Required work - What's needed is the listing below, repeated word for word with no pictures.

Top of Task material

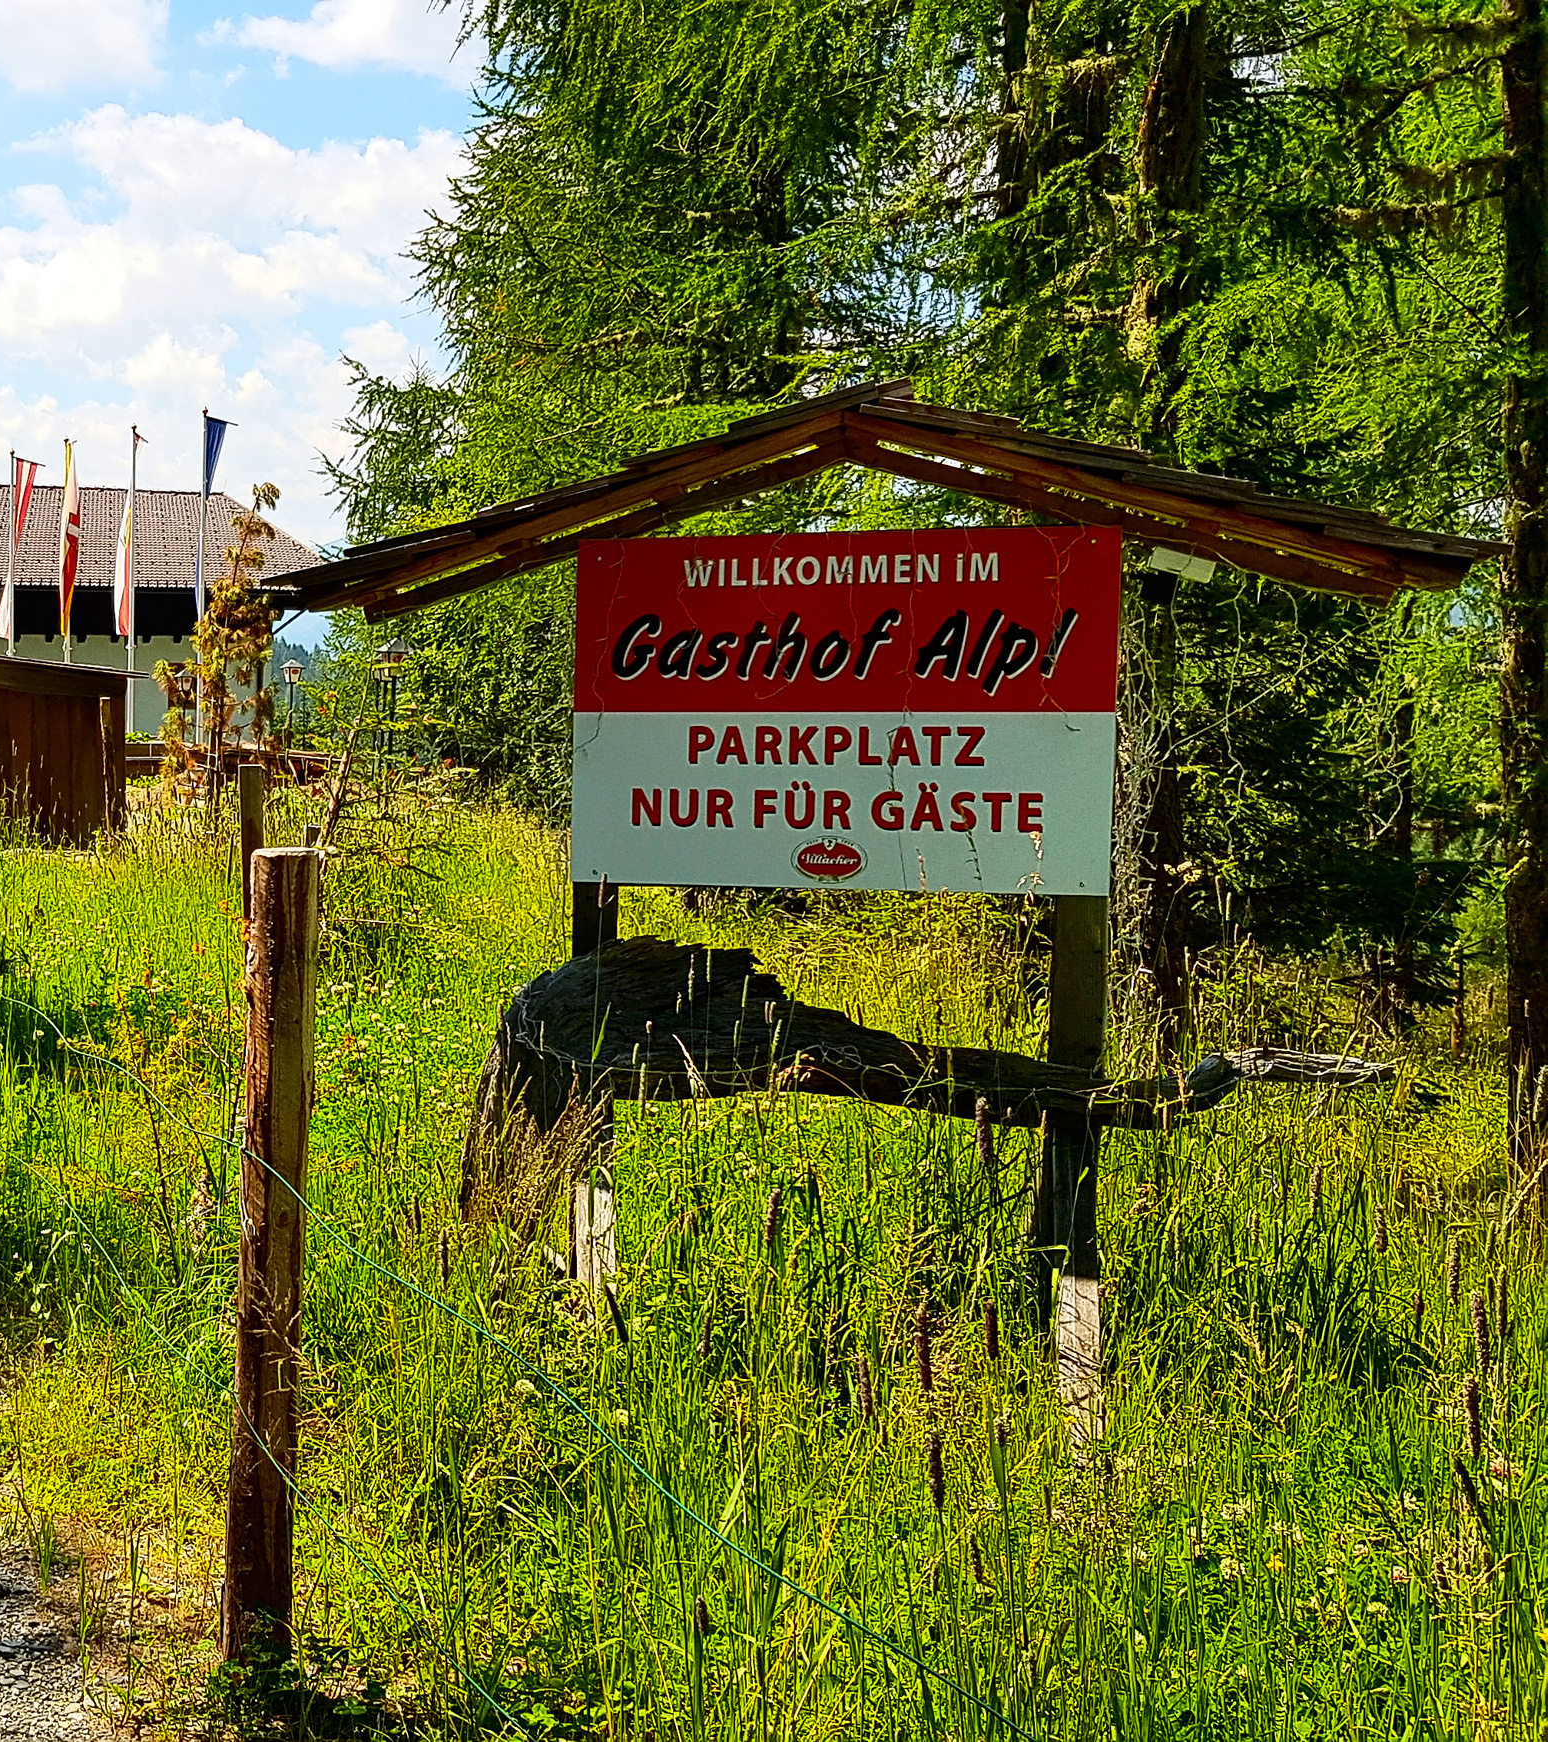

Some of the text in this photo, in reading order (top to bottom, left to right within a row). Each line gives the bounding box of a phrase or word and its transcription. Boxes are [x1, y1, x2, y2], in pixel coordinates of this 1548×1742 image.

[683, 553, 941, 588] WILLKOMMEN
[612, 608, 902, 684] Gasthof
[688, 725, 986, 767] PARKPLATZ
[631, 780, 1044, 834] NUR FÜR GÄSTE
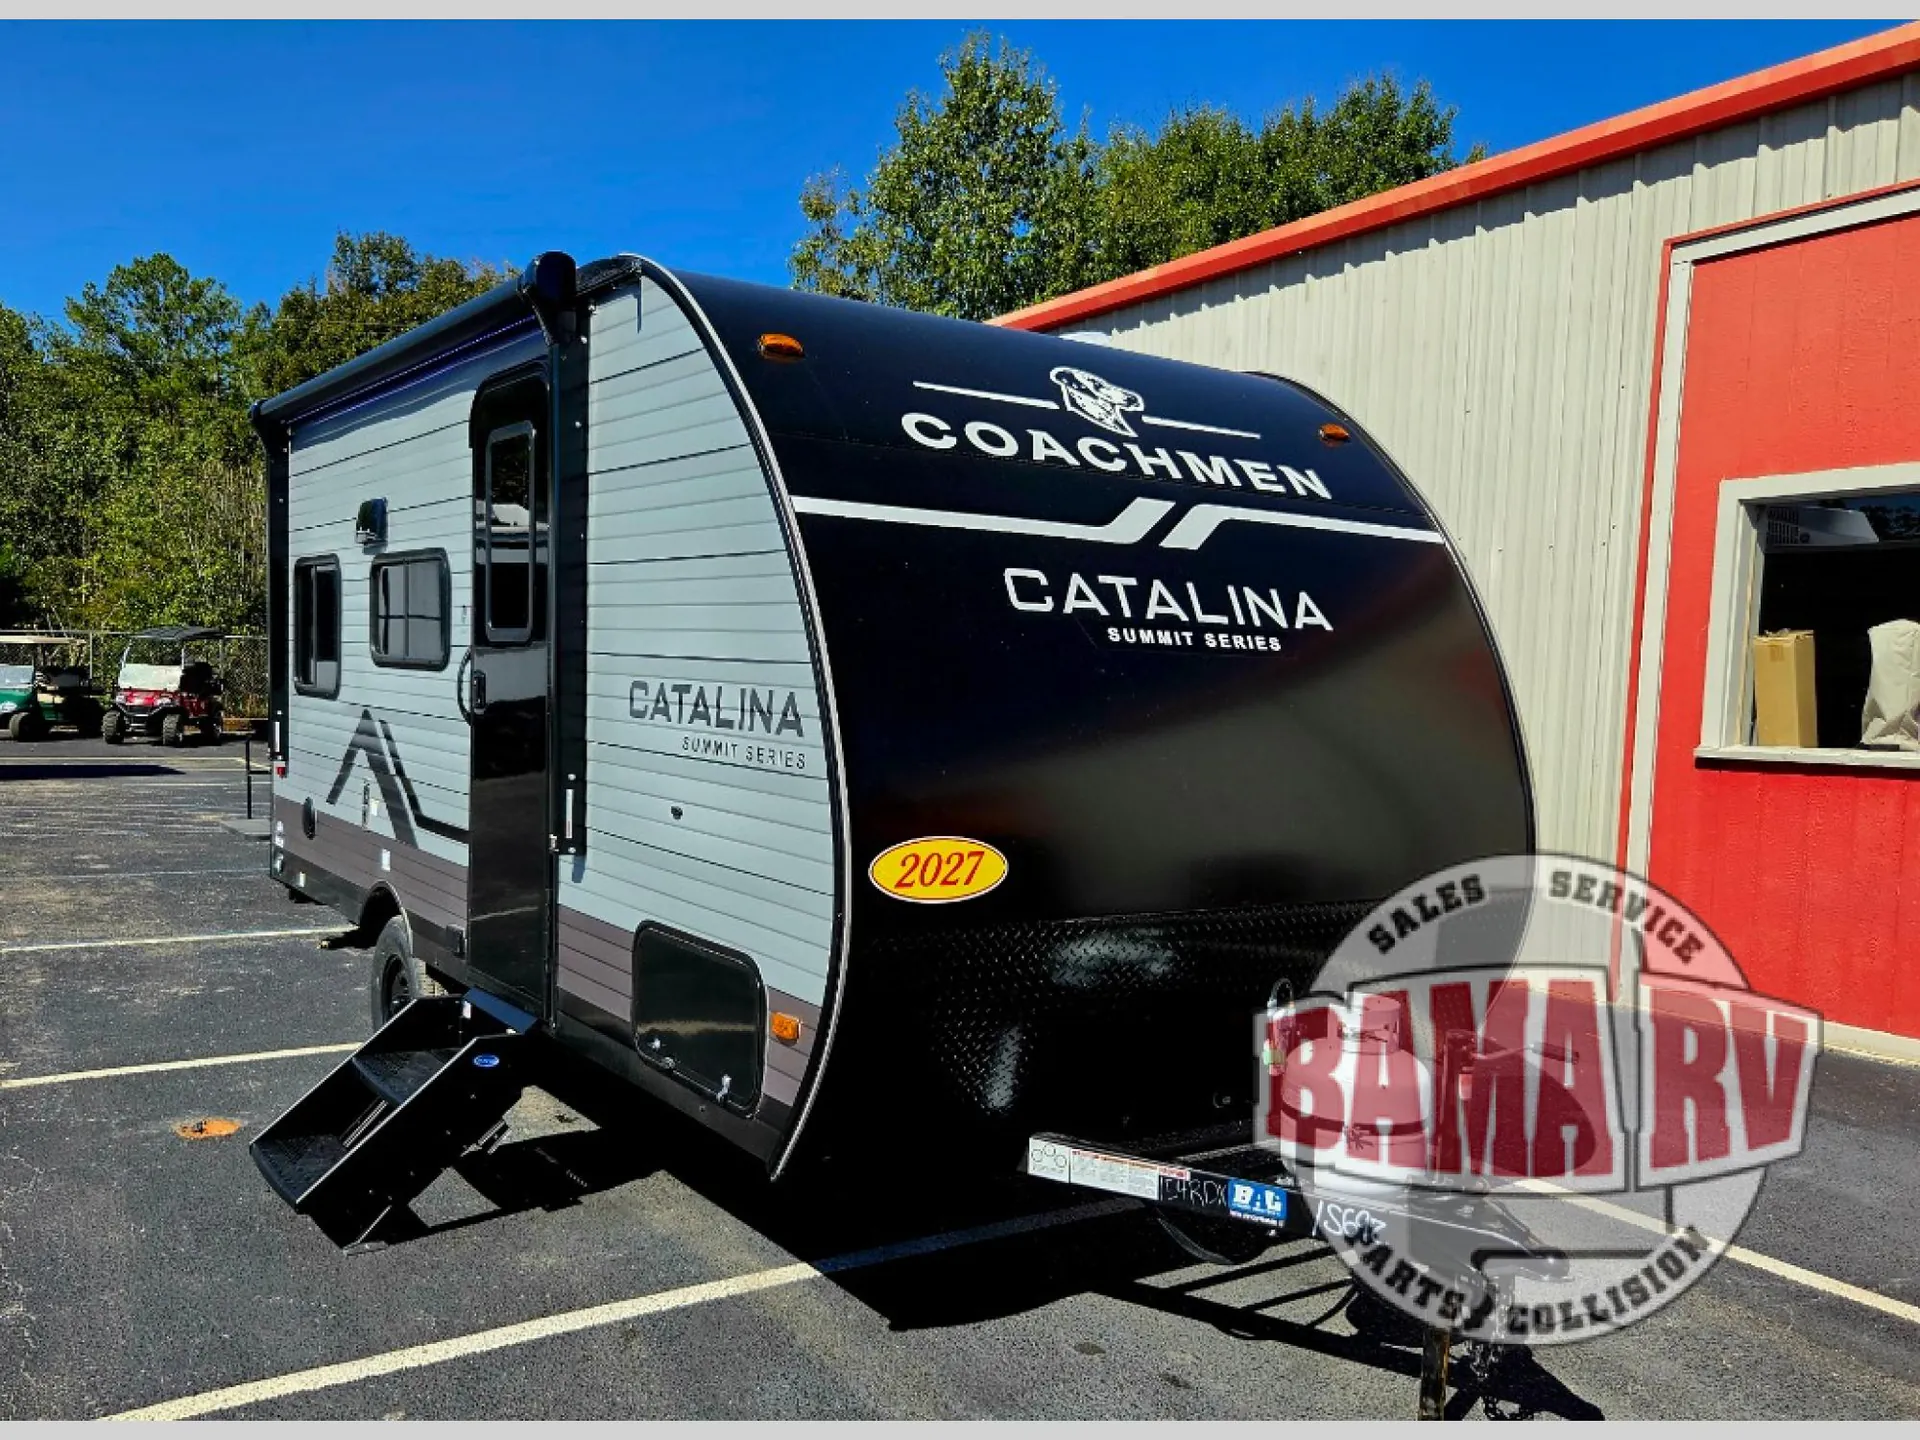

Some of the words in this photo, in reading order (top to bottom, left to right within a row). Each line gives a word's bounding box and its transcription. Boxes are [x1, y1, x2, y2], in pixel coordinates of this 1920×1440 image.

Bottom of Task material

Written reply -
Some of the text in this photo, in reading order (top to bottom, left to right within a row). Each line gives the bounding box of a phrase or word and its transcription. Boxes are [x1, y1, x2, y2], in pixel coordinates of this 1548×1742 image.

[683, 553, 941, 588] WILLKOMMEN
[612, 608, 902, 684] Gasthof
[688, 725, 986, 767] PARKPLATZ
[631, 780, 1044, 834] NUR FÜR GÄSTE

Some of the words in this photo, in reading order (top to bottom, left to right within a row). Each line gives a word's bounding box and its transcription. Boxes are [x1, y1, x2, y2], in pixel coordinates of this 1920×1440 image.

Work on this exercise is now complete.